• _DATA FOR ANALYSIS_

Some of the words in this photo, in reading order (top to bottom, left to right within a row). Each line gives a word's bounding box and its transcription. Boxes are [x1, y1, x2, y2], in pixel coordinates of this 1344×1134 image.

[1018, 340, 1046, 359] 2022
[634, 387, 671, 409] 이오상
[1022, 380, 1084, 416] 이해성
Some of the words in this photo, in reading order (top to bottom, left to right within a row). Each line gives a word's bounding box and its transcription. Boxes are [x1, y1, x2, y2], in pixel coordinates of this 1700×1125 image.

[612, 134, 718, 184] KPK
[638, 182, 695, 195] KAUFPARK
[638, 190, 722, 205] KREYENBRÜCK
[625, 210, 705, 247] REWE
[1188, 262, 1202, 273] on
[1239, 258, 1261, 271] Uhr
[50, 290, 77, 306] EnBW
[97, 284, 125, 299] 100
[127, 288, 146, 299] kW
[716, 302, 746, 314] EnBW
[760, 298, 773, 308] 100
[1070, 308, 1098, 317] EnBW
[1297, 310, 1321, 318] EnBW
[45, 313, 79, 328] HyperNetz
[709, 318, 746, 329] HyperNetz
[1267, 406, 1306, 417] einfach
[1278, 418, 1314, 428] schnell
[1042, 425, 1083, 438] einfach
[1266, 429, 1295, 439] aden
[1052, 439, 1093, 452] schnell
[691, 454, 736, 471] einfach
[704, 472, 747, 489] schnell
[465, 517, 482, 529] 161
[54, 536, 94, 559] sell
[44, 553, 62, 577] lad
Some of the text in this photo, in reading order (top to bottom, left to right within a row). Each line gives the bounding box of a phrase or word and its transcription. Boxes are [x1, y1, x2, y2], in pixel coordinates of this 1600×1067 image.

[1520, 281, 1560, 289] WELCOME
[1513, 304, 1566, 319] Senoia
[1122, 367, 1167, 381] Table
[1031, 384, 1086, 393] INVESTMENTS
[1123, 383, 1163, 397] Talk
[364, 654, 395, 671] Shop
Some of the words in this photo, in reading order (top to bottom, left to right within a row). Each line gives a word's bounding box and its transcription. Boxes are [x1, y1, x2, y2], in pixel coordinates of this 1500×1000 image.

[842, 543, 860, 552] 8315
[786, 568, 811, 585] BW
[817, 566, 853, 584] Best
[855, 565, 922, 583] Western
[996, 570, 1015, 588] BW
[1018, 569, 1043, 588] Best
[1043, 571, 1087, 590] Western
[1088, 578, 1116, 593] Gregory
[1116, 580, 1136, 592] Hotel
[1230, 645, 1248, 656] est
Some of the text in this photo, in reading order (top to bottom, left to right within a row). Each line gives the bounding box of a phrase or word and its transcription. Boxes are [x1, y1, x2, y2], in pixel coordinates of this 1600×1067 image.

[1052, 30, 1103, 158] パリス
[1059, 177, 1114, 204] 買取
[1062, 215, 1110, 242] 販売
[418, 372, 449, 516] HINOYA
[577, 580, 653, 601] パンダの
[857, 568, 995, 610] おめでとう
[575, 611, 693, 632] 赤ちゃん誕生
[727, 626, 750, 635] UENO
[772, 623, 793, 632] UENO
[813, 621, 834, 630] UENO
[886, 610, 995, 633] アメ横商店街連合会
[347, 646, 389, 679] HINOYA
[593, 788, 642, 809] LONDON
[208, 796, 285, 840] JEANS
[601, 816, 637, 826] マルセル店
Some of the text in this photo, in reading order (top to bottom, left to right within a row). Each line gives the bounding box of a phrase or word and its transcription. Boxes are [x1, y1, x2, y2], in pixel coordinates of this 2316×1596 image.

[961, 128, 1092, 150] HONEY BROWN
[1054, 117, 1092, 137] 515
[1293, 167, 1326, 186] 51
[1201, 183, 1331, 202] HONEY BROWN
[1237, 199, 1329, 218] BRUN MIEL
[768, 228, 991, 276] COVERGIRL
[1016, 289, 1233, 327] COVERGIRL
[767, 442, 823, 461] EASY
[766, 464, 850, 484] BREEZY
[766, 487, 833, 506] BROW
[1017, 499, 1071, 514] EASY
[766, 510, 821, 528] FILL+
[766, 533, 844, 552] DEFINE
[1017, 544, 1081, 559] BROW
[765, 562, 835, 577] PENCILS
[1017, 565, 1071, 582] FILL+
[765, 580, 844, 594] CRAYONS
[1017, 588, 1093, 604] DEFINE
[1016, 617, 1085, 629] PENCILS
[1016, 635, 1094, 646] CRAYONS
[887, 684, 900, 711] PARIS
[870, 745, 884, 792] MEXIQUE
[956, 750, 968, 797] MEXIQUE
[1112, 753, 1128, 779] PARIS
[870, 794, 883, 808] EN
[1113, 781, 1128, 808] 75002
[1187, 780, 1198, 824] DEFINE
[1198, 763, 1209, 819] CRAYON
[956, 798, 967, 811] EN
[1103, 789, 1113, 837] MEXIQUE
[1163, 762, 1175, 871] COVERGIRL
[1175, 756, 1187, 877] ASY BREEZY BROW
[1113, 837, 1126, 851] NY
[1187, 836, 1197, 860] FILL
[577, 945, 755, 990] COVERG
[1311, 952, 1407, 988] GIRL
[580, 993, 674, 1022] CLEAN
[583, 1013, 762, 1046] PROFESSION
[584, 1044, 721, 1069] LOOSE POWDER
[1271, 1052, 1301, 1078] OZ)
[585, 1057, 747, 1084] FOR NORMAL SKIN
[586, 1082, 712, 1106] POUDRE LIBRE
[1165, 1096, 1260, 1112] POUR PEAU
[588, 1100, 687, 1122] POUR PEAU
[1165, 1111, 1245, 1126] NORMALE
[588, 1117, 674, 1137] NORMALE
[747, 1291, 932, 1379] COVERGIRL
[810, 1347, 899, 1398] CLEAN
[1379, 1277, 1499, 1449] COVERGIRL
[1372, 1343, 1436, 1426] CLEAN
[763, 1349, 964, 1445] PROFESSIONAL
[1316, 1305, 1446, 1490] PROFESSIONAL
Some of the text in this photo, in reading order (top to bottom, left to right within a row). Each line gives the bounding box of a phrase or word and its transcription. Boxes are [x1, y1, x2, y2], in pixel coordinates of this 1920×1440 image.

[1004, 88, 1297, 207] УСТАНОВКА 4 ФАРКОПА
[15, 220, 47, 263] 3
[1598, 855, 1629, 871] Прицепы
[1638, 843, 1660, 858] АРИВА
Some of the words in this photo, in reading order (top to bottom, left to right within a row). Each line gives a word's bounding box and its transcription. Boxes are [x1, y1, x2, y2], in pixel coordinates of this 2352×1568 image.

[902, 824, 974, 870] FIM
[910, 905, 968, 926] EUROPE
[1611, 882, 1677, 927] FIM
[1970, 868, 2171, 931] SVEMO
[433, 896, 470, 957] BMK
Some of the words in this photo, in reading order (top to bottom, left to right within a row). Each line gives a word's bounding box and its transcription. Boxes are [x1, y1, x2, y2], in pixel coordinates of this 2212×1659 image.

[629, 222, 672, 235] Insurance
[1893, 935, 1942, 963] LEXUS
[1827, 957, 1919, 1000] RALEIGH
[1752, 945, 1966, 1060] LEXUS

• _PROBLEM_
Copy out the lines above, from the one holding "this 2212×1659 image." through the final line, with no other lines.

• _SOLUTION FOR THIS PROBLEM_
Some of the words in this photo, in reading order (top to bottom, left to right within a row). Each line gives a word's bounding box and its transcription. Boxes are [x1, y1, x2, y2], in pixel coordinates of this 2212×1659 image.

[629, 222, 672, 235] Insurance
[1893, 935, 1942, 963] LEXUS
[1827, 957, 1919, 1000] RALEIGH
[1752, 945, 1966, 1060] LEXUS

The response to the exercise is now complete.